How to complete this task: The copy you give must match the records exactly, except that it holds no images.

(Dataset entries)
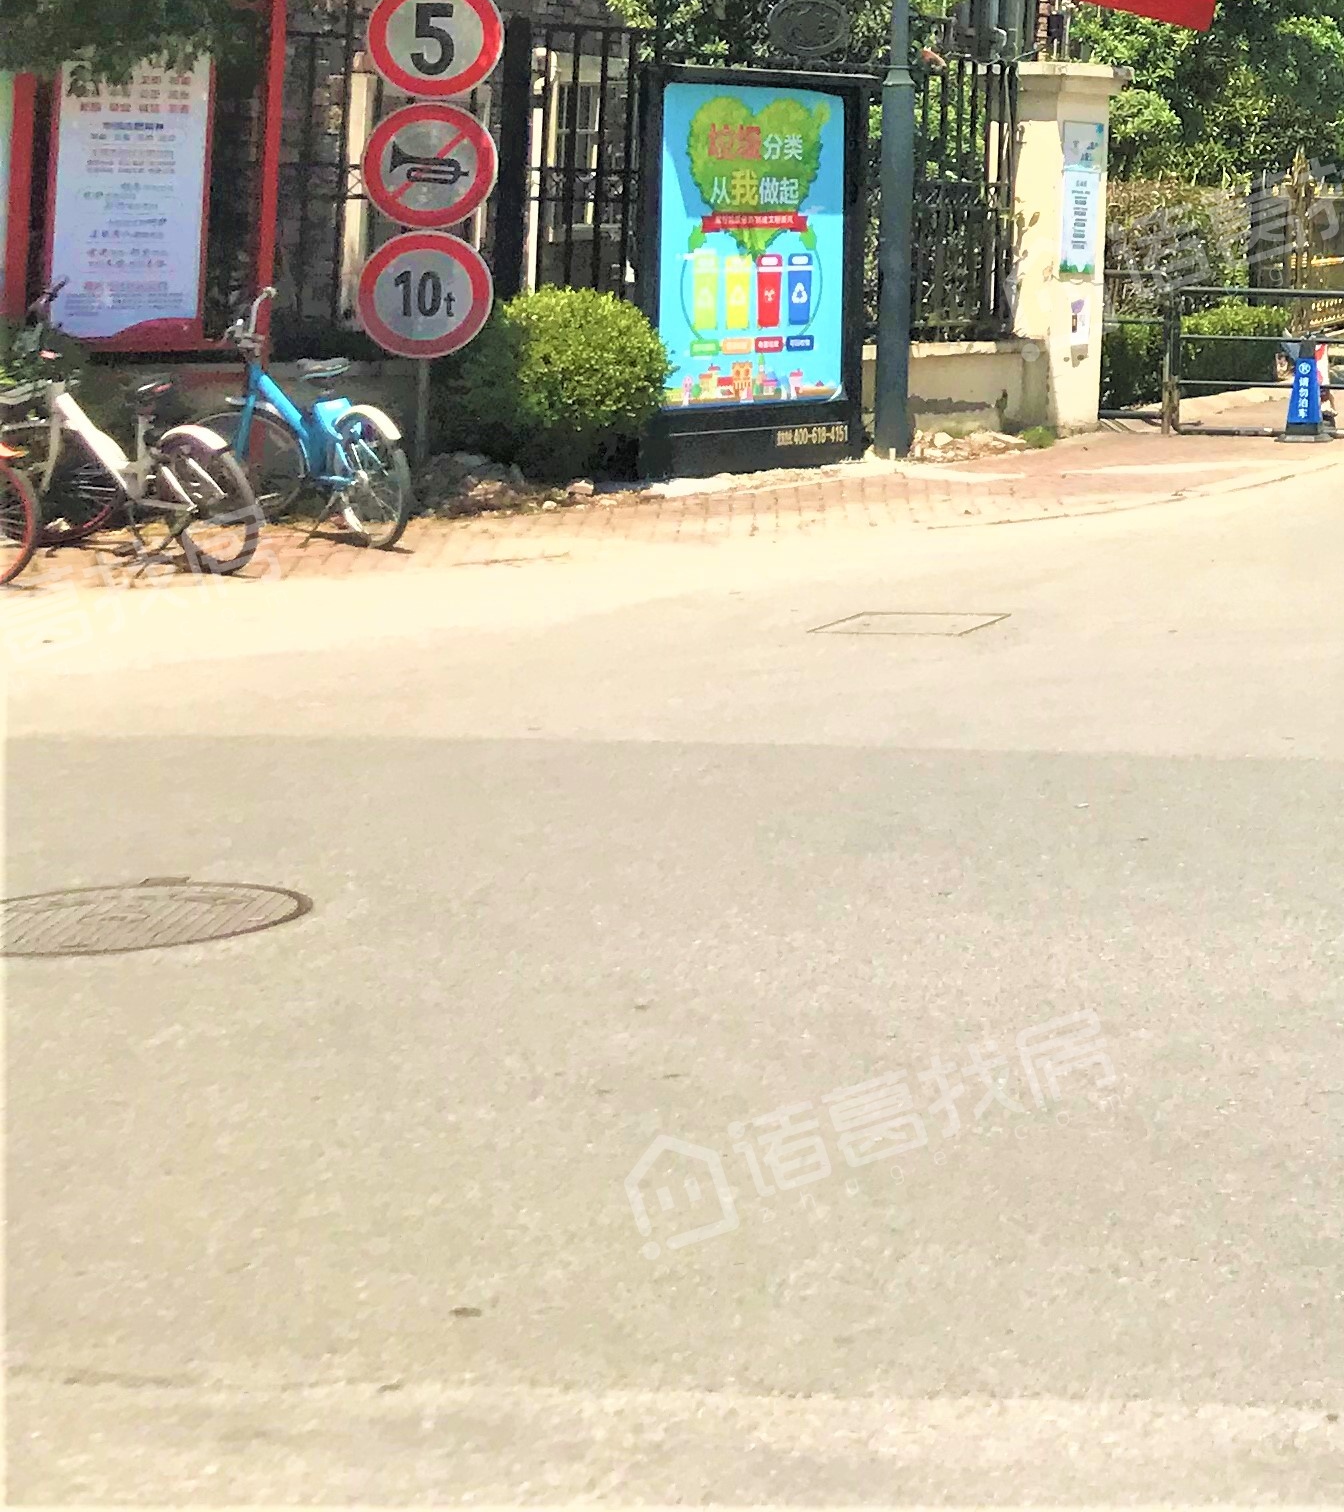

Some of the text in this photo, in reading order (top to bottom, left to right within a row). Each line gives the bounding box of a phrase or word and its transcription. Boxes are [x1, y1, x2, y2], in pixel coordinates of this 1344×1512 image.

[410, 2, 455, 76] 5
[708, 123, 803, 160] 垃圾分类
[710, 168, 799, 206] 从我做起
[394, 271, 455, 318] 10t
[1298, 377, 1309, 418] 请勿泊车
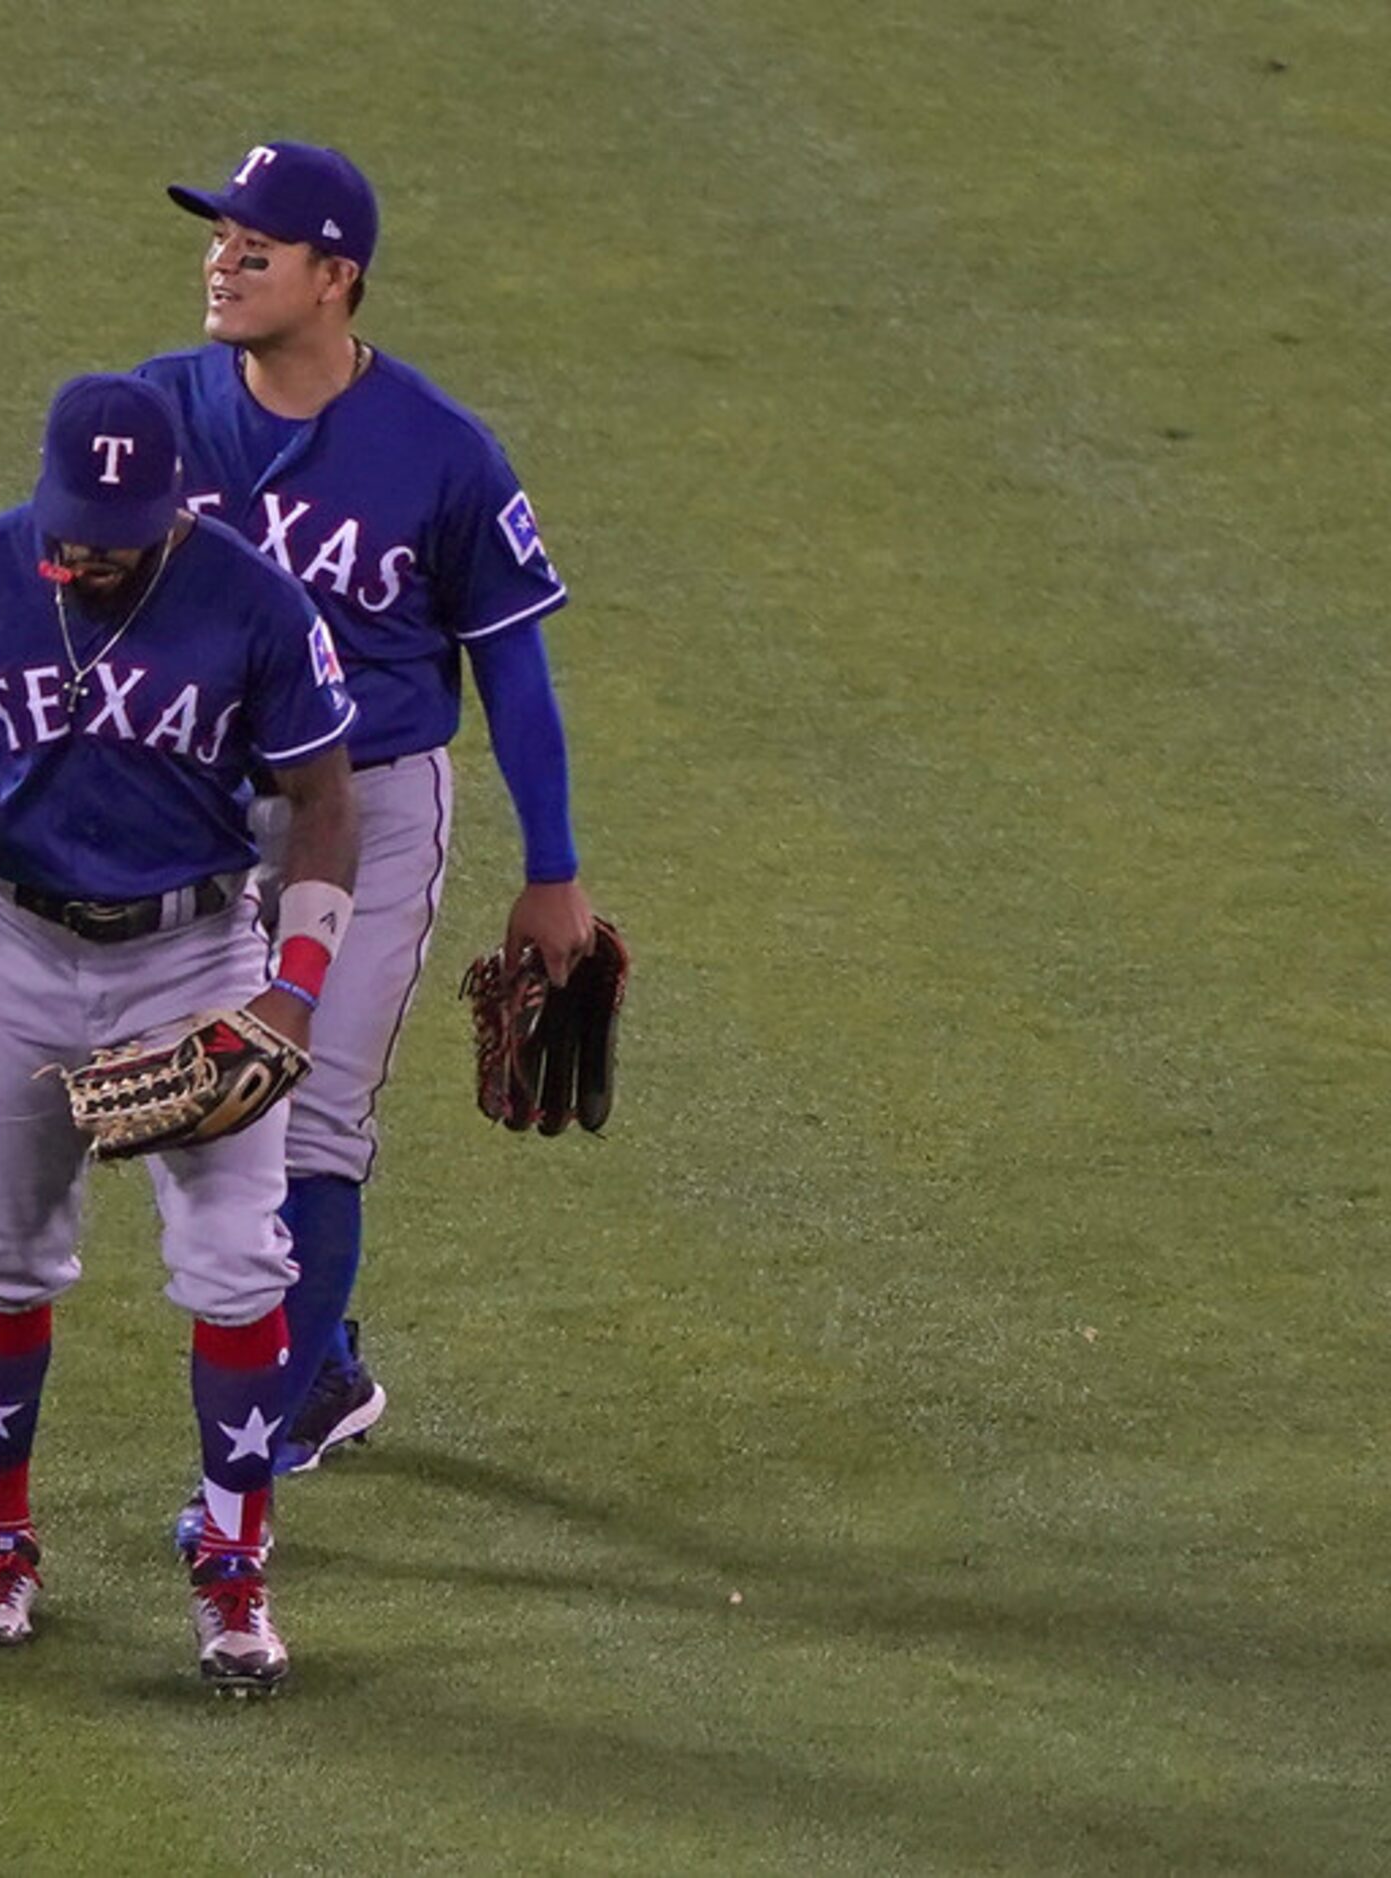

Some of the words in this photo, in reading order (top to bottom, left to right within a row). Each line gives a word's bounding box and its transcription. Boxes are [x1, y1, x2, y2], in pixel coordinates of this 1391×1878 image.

Answer to the exercise:
Some of the text in this photo, in reading order (top to bottom, left to right within a row). Each line gives the bounding box of a phrase or word and its transcription. Boxes are [x1, y1, x2, y2], in pixel coordinates of this 1344×1512 image.

[410, 2, 455, 76] 5
[708, 123, 803, 160] 垃圾分类
[710, 168, 799, 206] 从我做起
[394, 271, 455, 318] 10t
[1298, 377, 1309, 418] 请勿泊车

Some of the words in this photo, in reading order (top to bottom, left to right within a row). Each line gives a word's bounding box and its transcription. Boxes are [x1, y1, x2, y2], in pixel coordinates of this 1391×1878 image.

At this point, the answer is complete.